Impact of COVID-19 on the justice system in CNY

Coronavirus

SYRACUSE, N.Y. (WSYR-TV) — Jails are not immune to COVID-19, but so far it hasn’t hit the Onondaga County or Cayuga County lockups.

Since the coronavirus has spread across Central New York, courtrooms are empty and many jails are only half-full.

Arraignments have been heard through video conferences and inmates are waiting on their delayed trials.

Gov. Andrew Cuomo is asking for the release of low-level parolees throughout the state and they are doing that at the Justice Center.

They are letting people go that they believe would be high-risk, should they catch COVID-19.

“Corona is not going to be an excuse for a serious, violent offender who’s a flight risk and who is a danger to this community getting out,” said Bill Fitzpatrick. “That, I promise you.”

Fitzpatrick estimates the Justice Center is now about 30 to 40 percent full. The inmates who are now set free are not believed to be a danger to the public. Those still in jail are people accused of felonies like murder and rape.

“What it’s eventually going to lead to is smarter prosecution, taking more advantage of alternatives to incarceration,” said Fitzpatrick.
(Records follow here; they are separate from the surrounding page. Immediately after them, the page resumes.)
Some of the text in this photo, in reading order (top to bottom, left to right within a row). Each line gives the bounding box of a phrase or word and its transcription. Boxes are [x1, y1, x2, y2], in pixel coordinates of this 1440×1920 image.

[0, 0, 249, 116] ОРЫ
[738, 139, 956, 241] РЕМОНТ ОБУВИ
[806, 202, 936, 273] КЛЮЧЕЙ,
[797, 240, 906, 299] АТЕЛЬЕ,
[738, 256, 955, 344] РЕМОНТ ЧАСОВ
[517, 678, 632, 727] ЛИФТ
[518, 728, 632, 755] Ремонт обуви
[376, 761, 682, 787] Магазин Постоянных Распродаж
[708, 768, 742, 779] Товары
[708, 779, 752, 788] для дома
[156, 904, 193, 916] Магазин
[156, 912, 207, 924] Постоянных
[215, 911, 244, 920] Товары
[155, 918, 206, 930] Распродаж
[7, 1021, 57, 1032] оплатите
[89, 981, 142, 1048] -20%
A similar story is playing out at the Cayuga County Jail, where they released two parolees and their facility is now only 56 percent full. But, they’re not releasing people who may be at high-risk, since nobody in the jail has tested positive for the virus.

But since the pandemic, they’ve seen a decrease in calls and crime, meaning they’re not taking as many inmates in. When they do, they’re fully screened twice because once they’re in, social distancing is difficult.
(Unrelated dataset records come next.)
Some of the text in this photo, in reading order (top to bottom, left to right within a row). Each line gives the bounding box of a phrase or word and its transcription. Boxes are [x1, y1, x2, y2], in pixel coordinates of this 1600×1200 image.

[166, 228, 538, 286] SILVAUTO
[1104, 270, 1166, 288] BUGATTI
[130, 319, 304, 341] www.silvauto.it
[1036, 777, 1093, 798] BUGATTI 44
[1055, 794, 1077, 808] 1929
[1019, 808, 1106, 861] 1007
“It’s not easy — We do have some parts of the jail where we can spread inmates out somewhat based on where they are, what cells they’re in. But, for the most part, it’s not something we can do because we just don’t have the extra space,” said Sheriff Schenck.

Schenck said one of his patrol deputies has tested positive for the virus and is now in quarantine. They traced the person’s steps and do not believe they came in contact with the public.

He said that, starting Wednesday, all patrol deputies will wear masks when interacting with others.